The extra-embryonic space and the local contour are critical geometric constraints regulating cell arrangement
*Sungrim Seirin-Lee, Kazunori Yamamoto, *Akatsuki Kimura
Development (2022) 149, dev200401 DOI:10.1242/dev.200401
Arrangement of cells which defines how cells contact each other is important in developmental processes. The mechanisms determining cell arrangement can be classified into three factors: orientation of cell division, interaction between cells, and geometrical constraints provided by surrounding structures where cells are confined such as the eggshell. Among these factors, the contribution of geometrical constrains have been less explored. Many of theoretical and experimental approaches exploring cell arrangements inside the eggshell have assumed the eggshell as a pure ellipsoidal shape. In this study, the authors developed a computational model based on a phase-field method that can incorporate the real shape of the eggshells. Using this model and the experimental data obtained with the nematode Caenorhabditis elegans embryo, the authors showed that an arrangement observed in vivo can be explained by the real shape but not by an ellipsoid. Extending this finding, the authors found the amount of the extra-embryonic space (ES), the empty space within the eggshell not occupied by embryonic cells, is critical to define cell arrangement. The study proposed that the local features of geometric constraints such as the ES, play important roles in cell arrangement, which should be important for any multicellular systems.

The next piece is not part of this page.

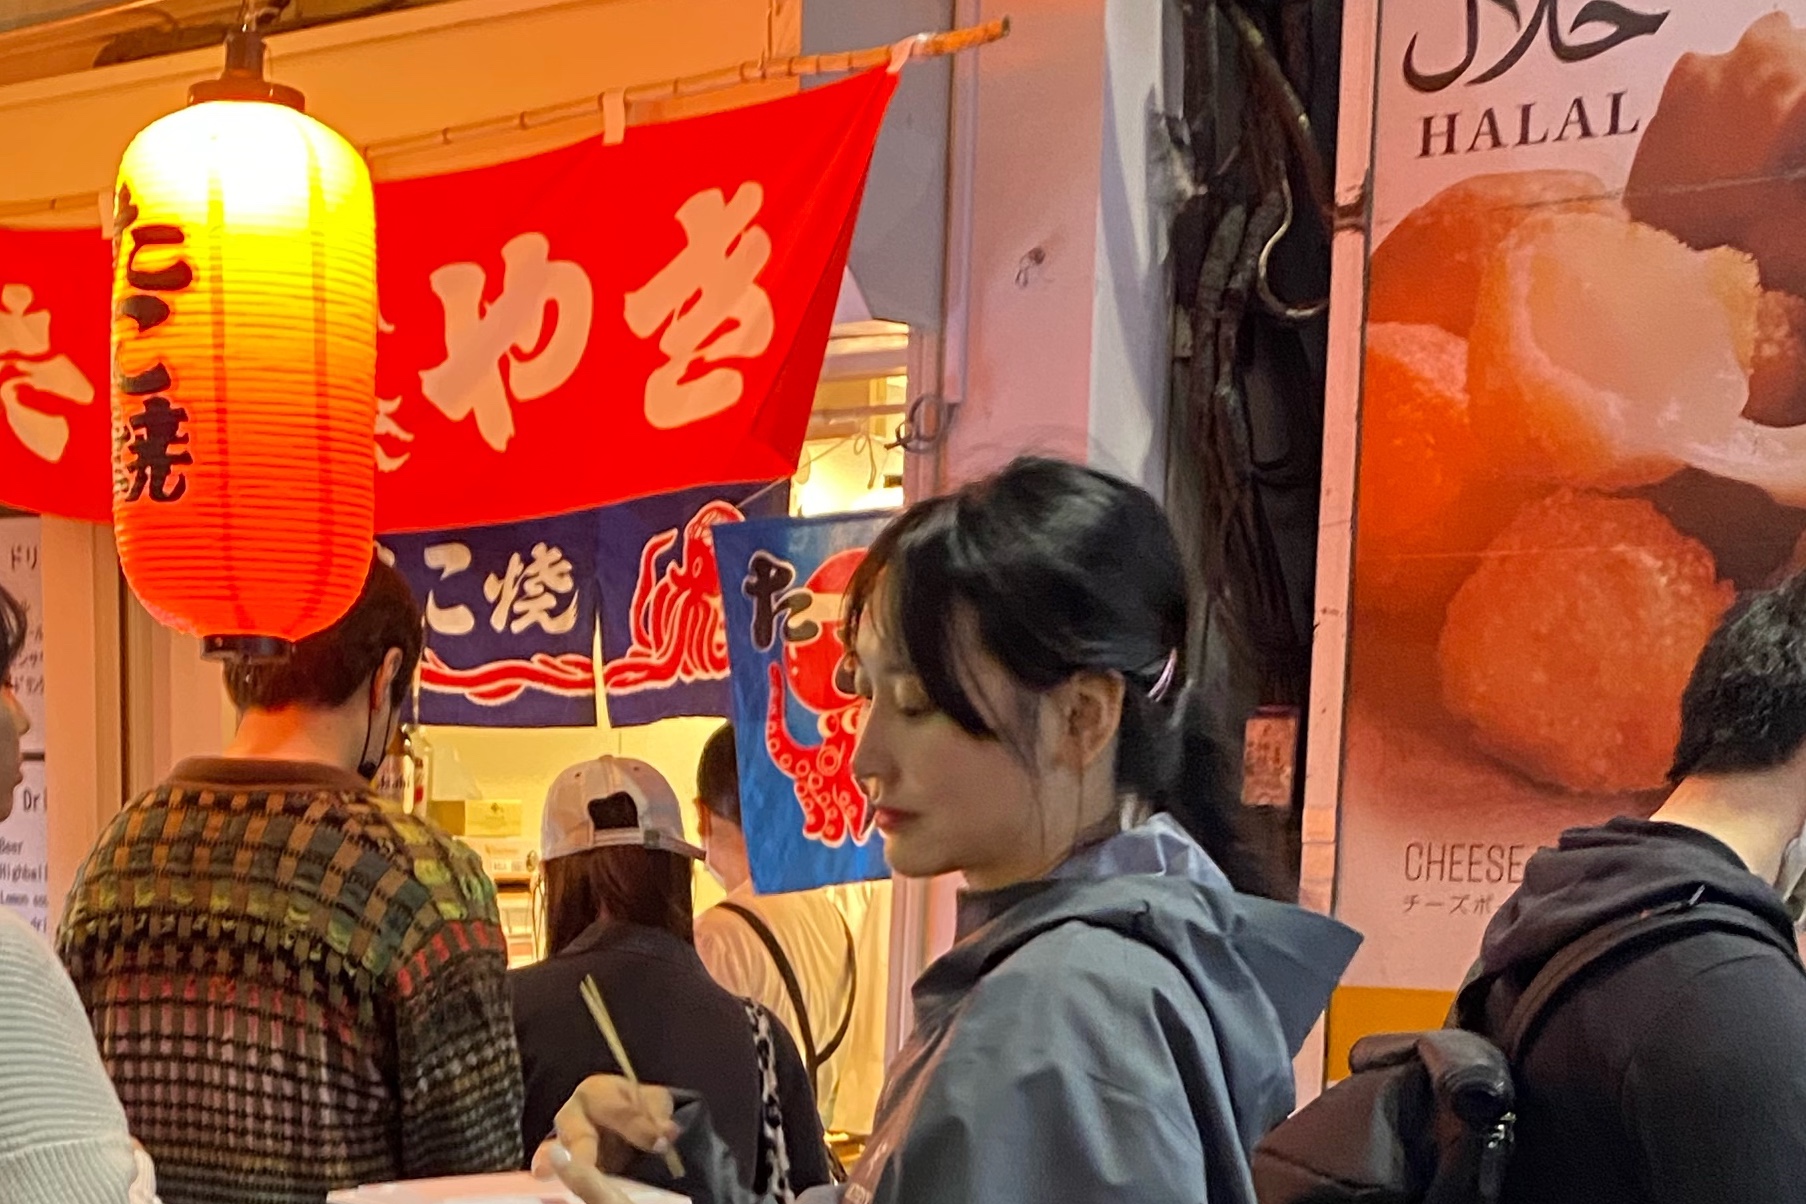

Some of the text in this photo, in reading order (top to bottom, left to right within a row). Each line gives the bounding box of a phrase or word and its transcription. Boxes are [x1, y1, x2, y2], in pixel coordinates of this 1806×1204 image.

Figure: 1A) A 4-cell stage C. elegans embryo with “T-reverse” arrangement. The four cells are arranged as the shape of the letter “T”, as indicated by yellow dotted lines.
1B) A simulation reproducing the T-reverse arrangement. (Upper) A simulation incorporating the real shape of the eggshell reproduced the T-reverse arrangement. (Lower) A simulation with an ellipsoidal eggshell did not show the T-reverse arrangement, but a “Diamond” arrangement.
2) Increasing the amount of the ES changed the cell arrangement. 2A) In the case of ES=10%. The diamond arrangement was observed in simulation (upper) and in real embryo (lower).
2B) In the case of ES=20%. A linear arrangement was observed in simulation (upper) and in real embryo (lower).